**DATA EXTRACTS:**

--

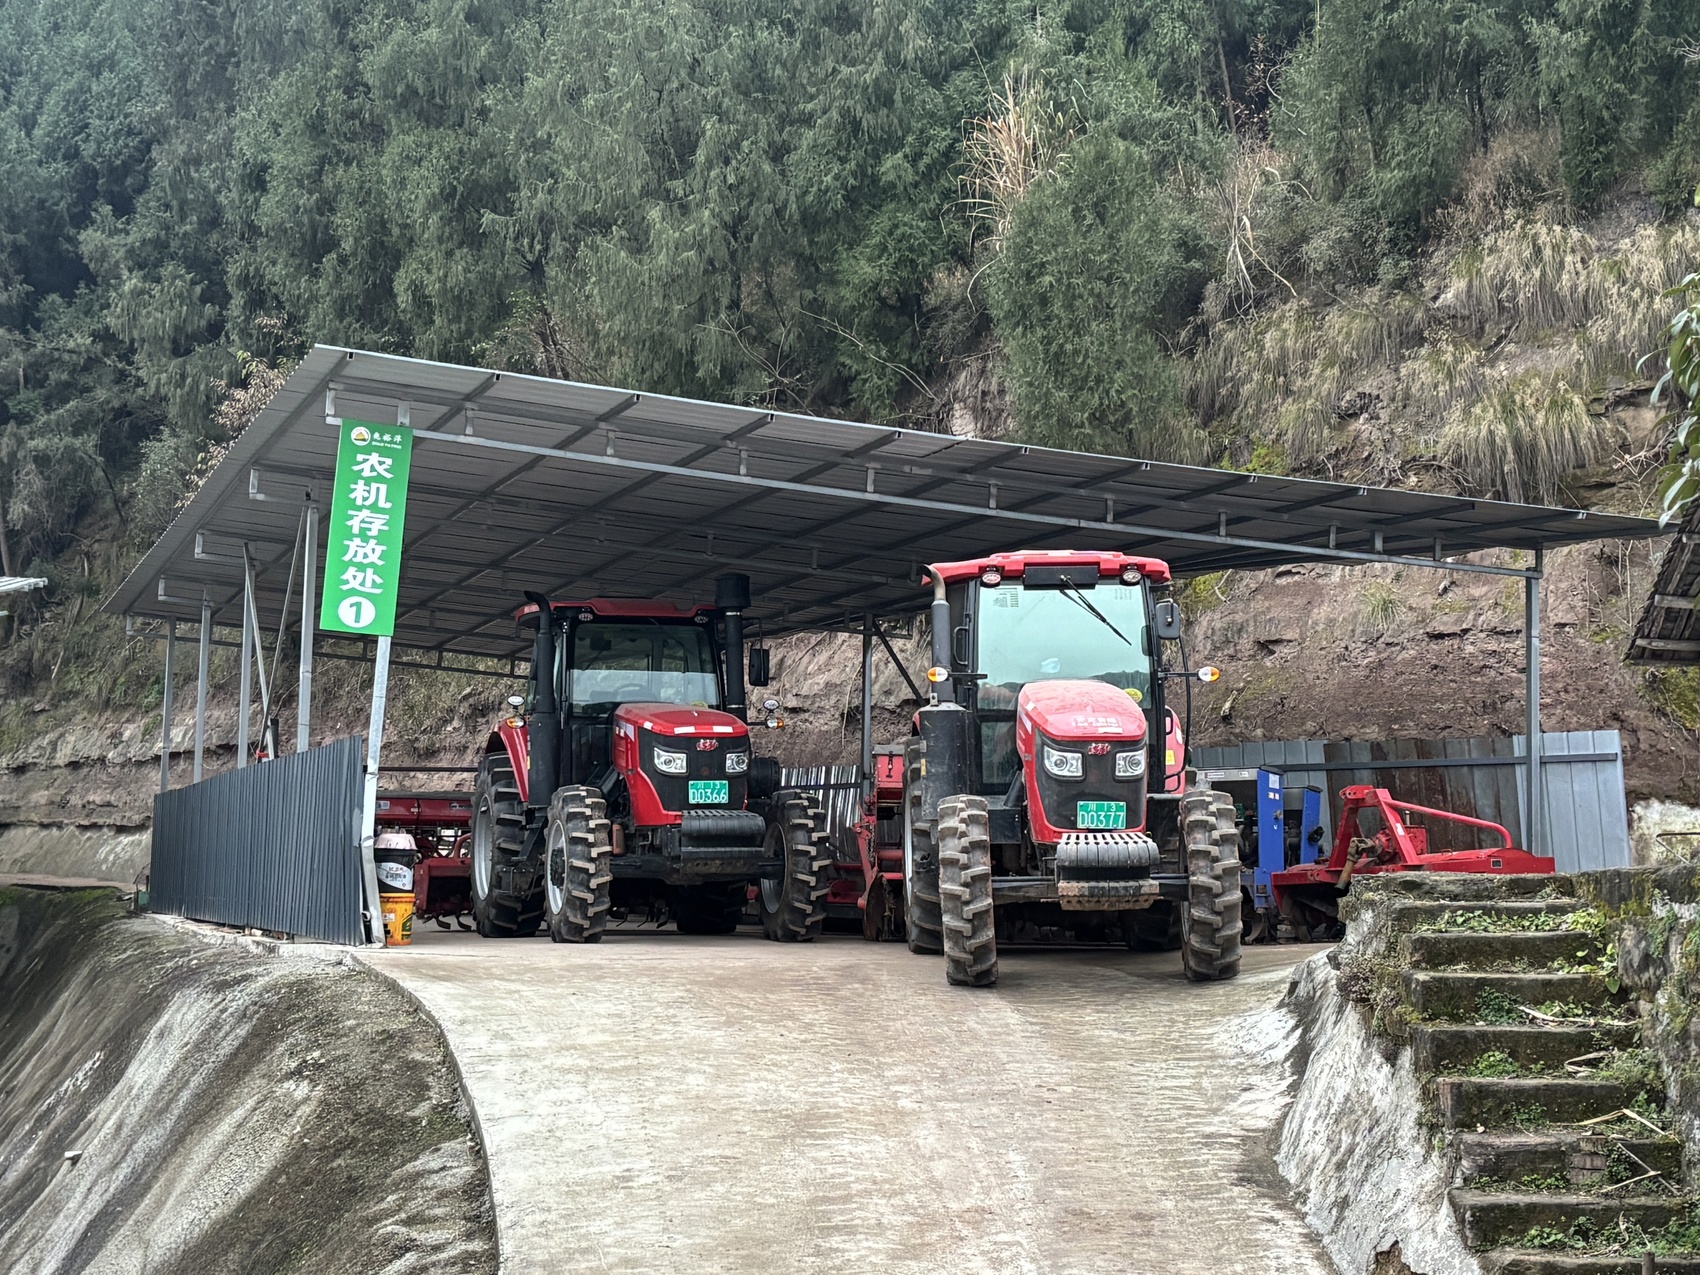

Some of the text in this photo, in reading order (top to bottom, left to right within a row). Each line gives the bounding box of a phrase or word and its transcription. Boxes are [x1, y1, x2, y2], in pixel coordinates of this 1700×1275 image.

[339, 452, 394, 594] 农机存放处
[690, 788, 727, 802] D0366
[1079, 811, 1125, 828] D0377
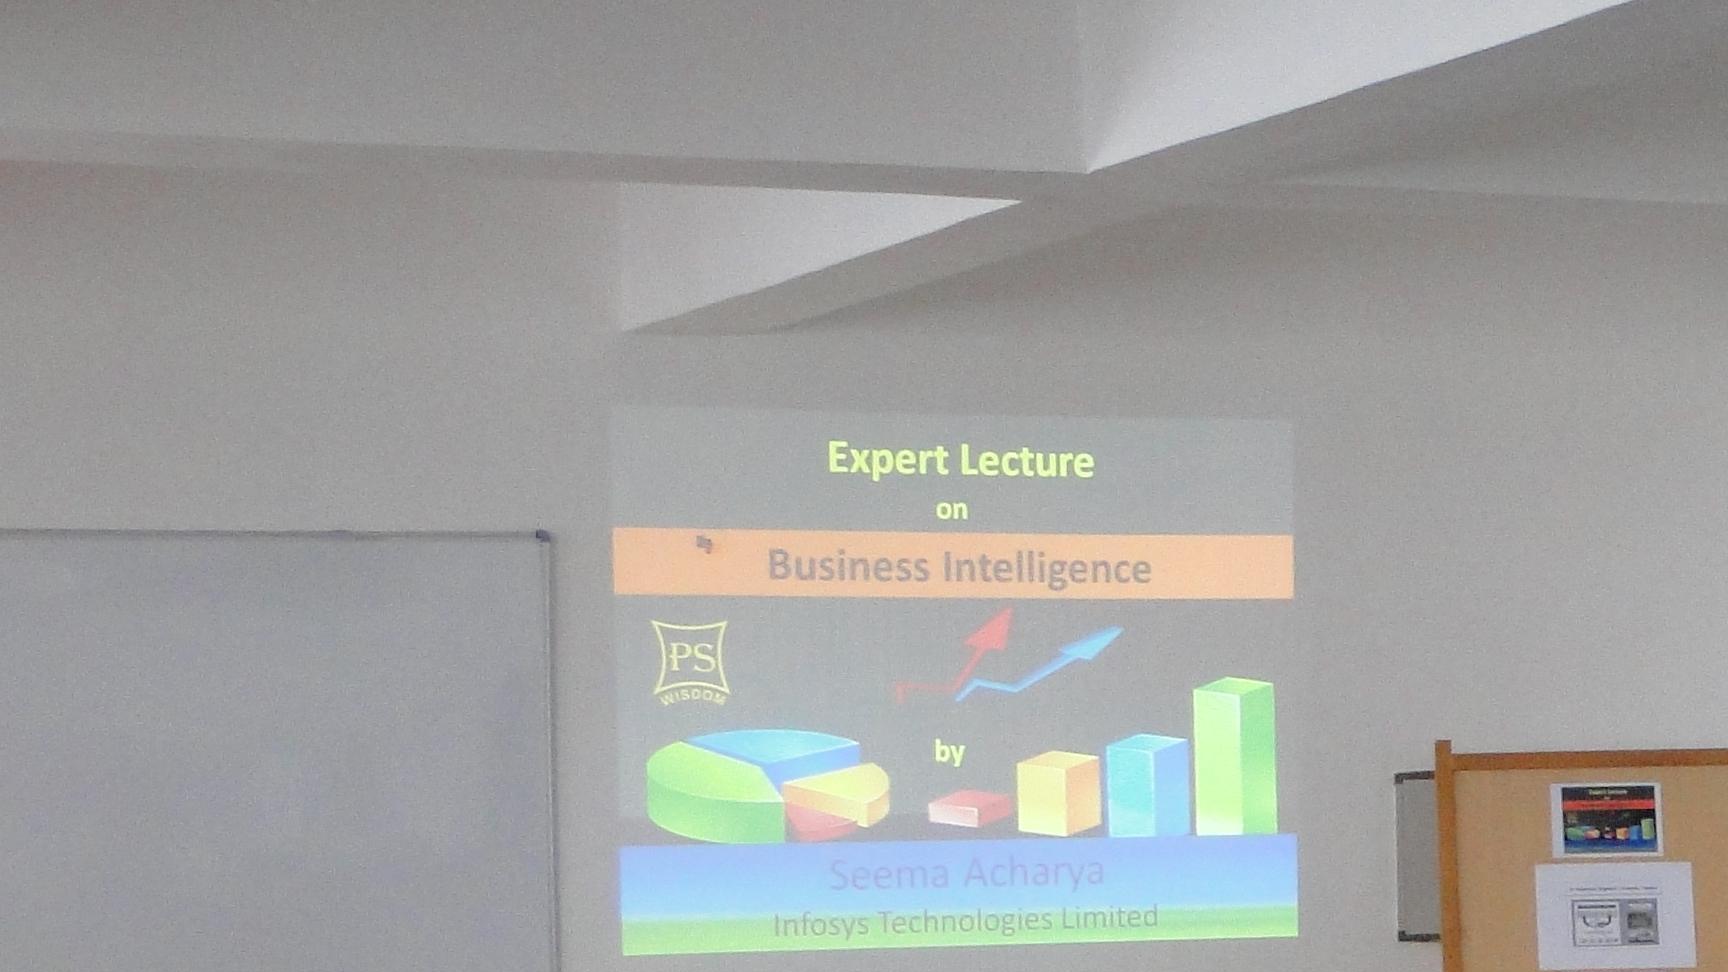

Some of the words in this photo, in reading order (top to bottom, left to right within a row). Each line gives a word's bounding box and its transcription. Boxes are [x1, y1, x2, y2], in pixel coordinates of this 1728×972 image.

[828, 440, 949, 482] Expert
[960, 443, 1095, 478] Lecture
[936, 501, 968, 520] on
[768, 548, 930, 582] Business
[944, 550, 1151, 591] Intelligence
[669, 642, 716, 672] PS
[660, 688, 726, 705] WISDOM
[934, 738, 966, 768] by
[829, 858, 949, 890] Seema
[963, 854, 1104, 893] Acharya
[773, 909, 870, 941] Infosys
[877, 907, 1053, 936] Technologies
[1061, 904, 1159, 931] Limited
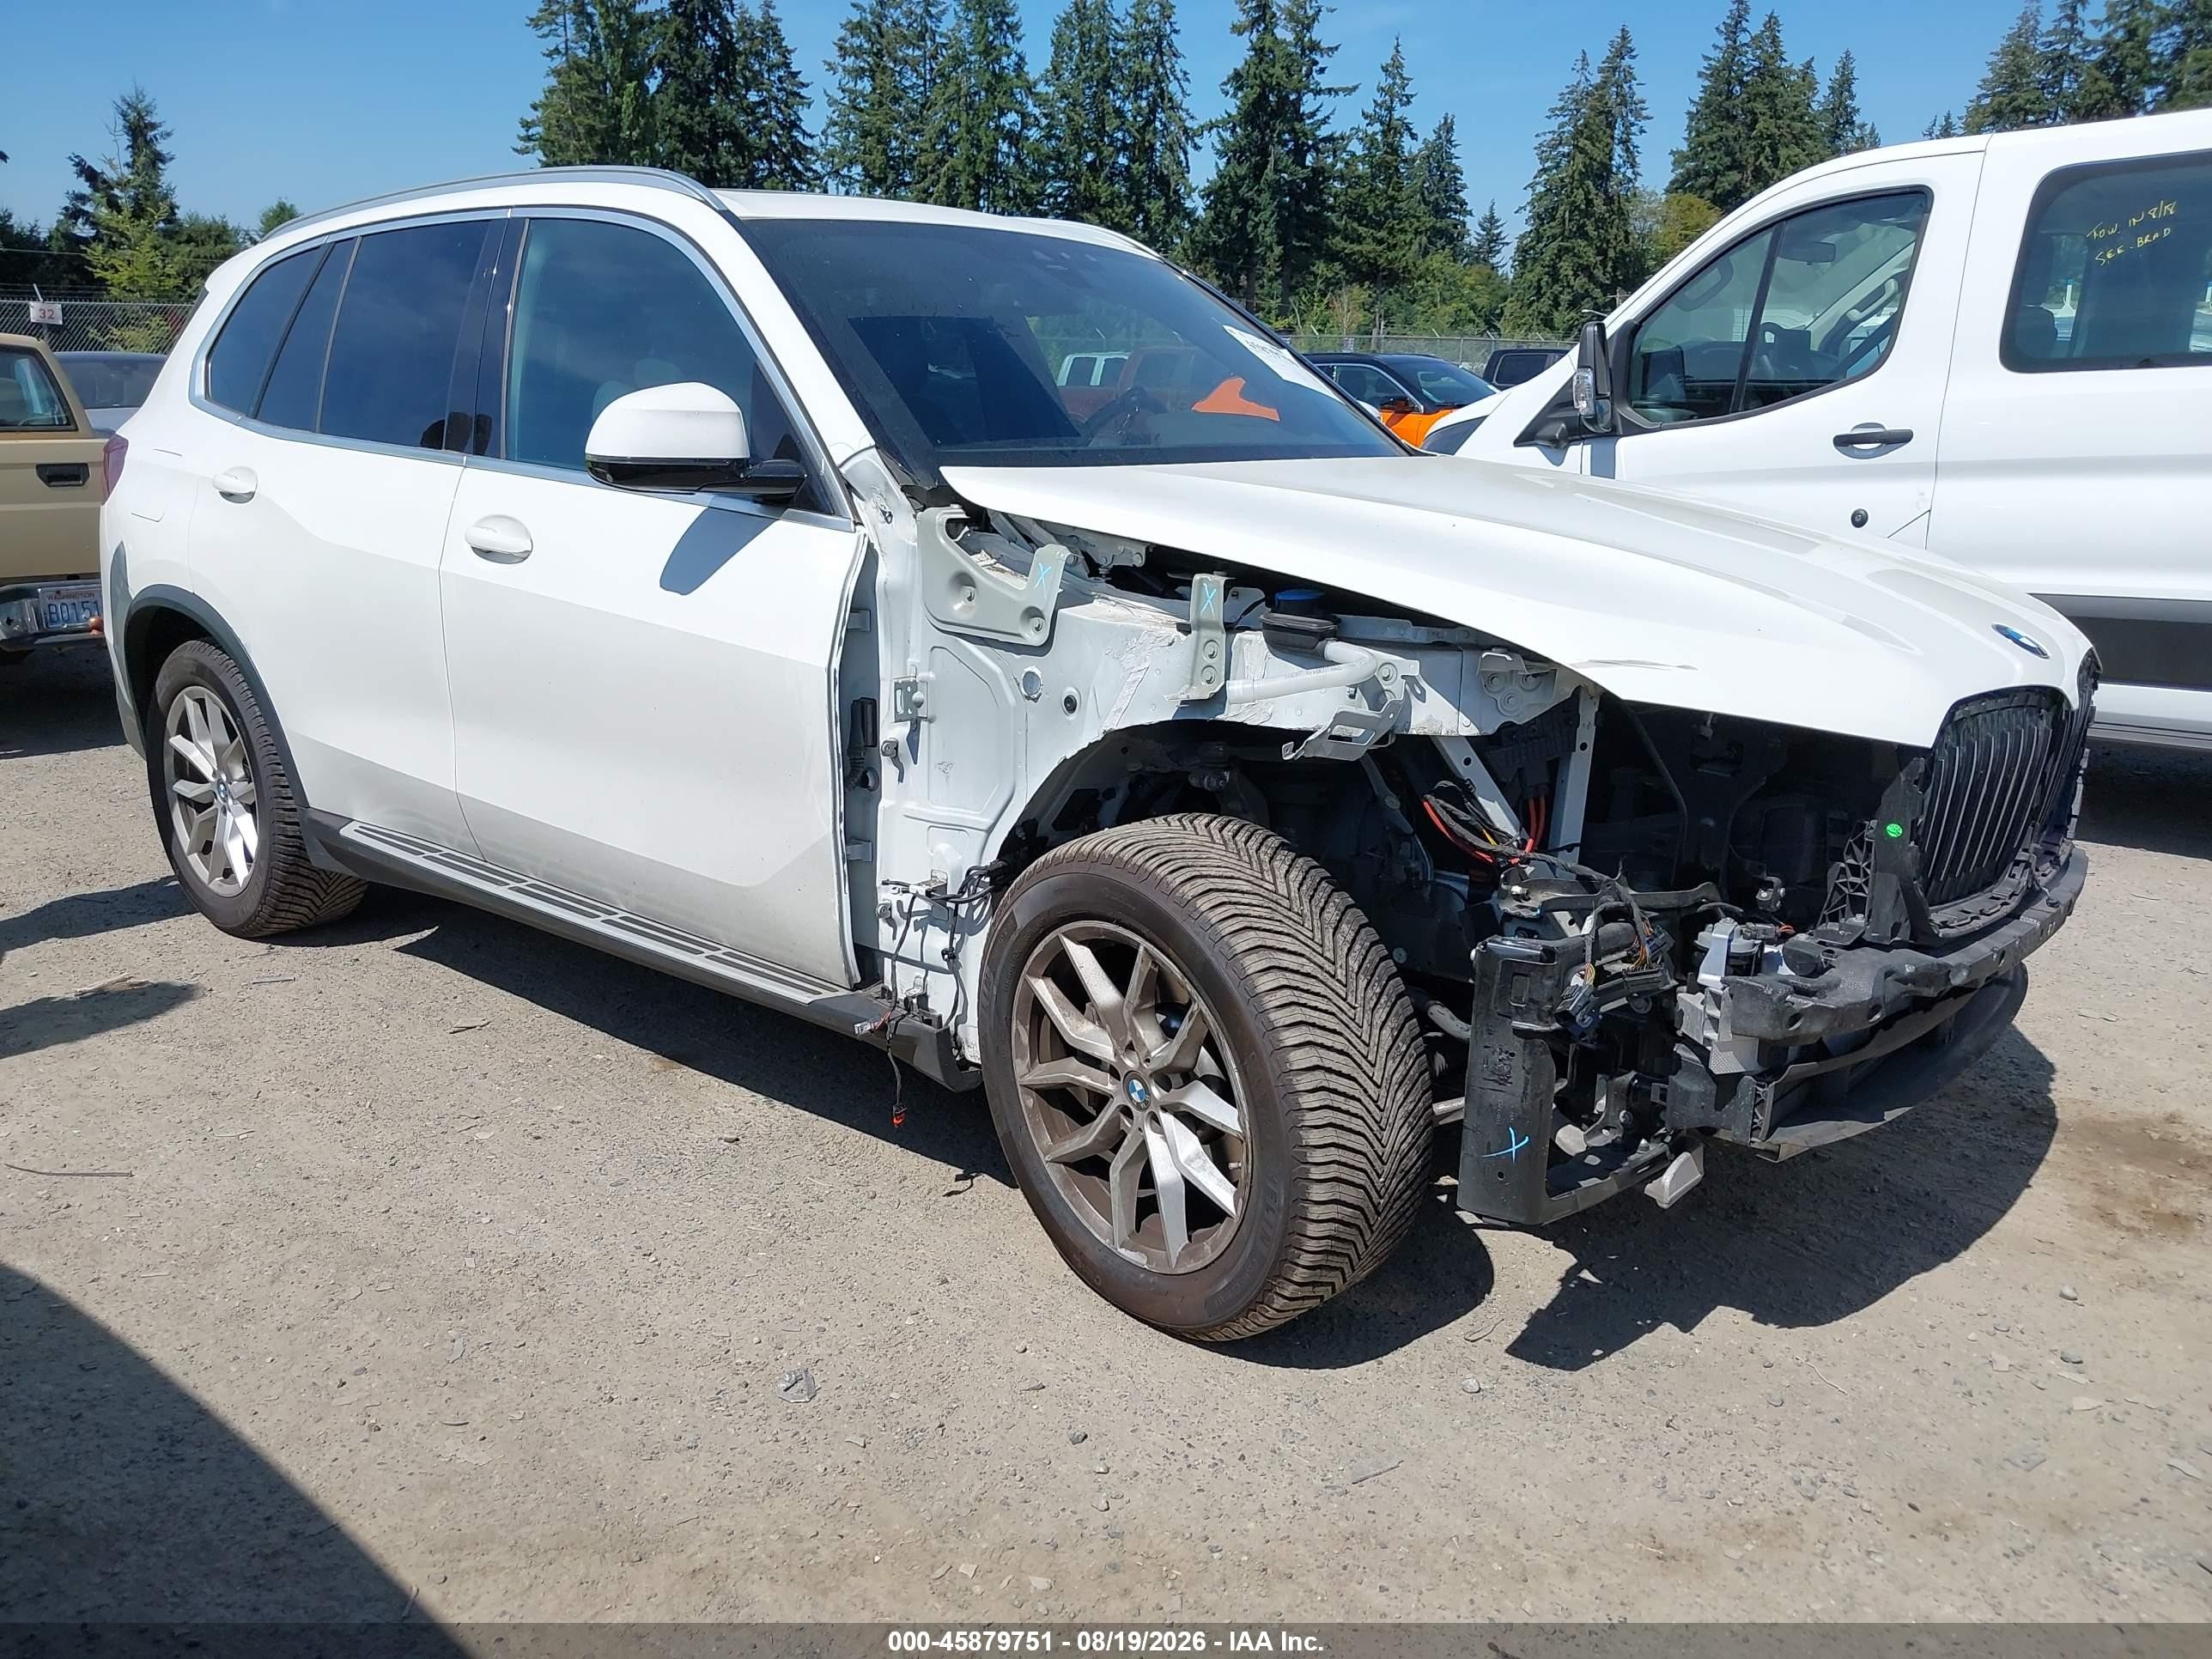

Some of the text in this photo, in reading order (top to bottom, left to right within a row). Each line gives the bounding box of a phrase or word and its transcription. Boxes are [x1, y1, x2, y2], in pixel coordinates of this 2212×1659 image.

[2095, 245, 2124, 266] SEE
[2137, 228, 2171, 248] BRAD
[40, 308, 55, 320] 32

--

**WORK TASK:** Exactly as given, transcribe every line of the data, but not its images.

**OUTPUT BELOW:**
Some of the text in this photo, in reading order (top to bottom, left to right within a row). Each line gives the bounding box of a phrase or word and its transcription. Boxes are [x1, y1, x2, y2], in pixel coordinates of this 1700×1275 image.

[339, 452, 394, 594] 农机存放处
[690, 788, 727, 802] D0366
[1079, 811, 1125, 828] D0377

Some of the words in this photo, in reading order (top to bottom, left to right within a row). Each line gives a word's bounding box and its transcription. Boxes are [x1, y1, x2, y2], in pixel coordinates of this 1728×972 image.

[828, 440, 949, 482] Expert
[960, 443, 1095, 478] Lecture
[936, 501, 968, 520] on
[768, 548, 930, 582] Business
[944, 550, 1151, 591] Intelligence
[669, 642, 716, 672] PS
[660, 688, 726, 705] WISDOM
[934, 738, 966, 768] by
[829, 858, 949, 890] Seema
[963, 854, 1104, 893] Acharya
[773, 909, 870, 941] Infosys
[877, 907, 1053, 936] Technologies
[1061, 904, 1159, 931] Limited

Some of the text in this photo, in reading order (top to bottom, left to right within a row). Each line gives the bounding box of a phrase or word and its transcription. Boxes are [x1, y1, x2, y2], in pixel coordinates of this 2212×1659 image.

[2095, 245, 2124, 266] SEE
[2137, 228, 2171, 248] BRAD
[40, 308, 55, 320] 32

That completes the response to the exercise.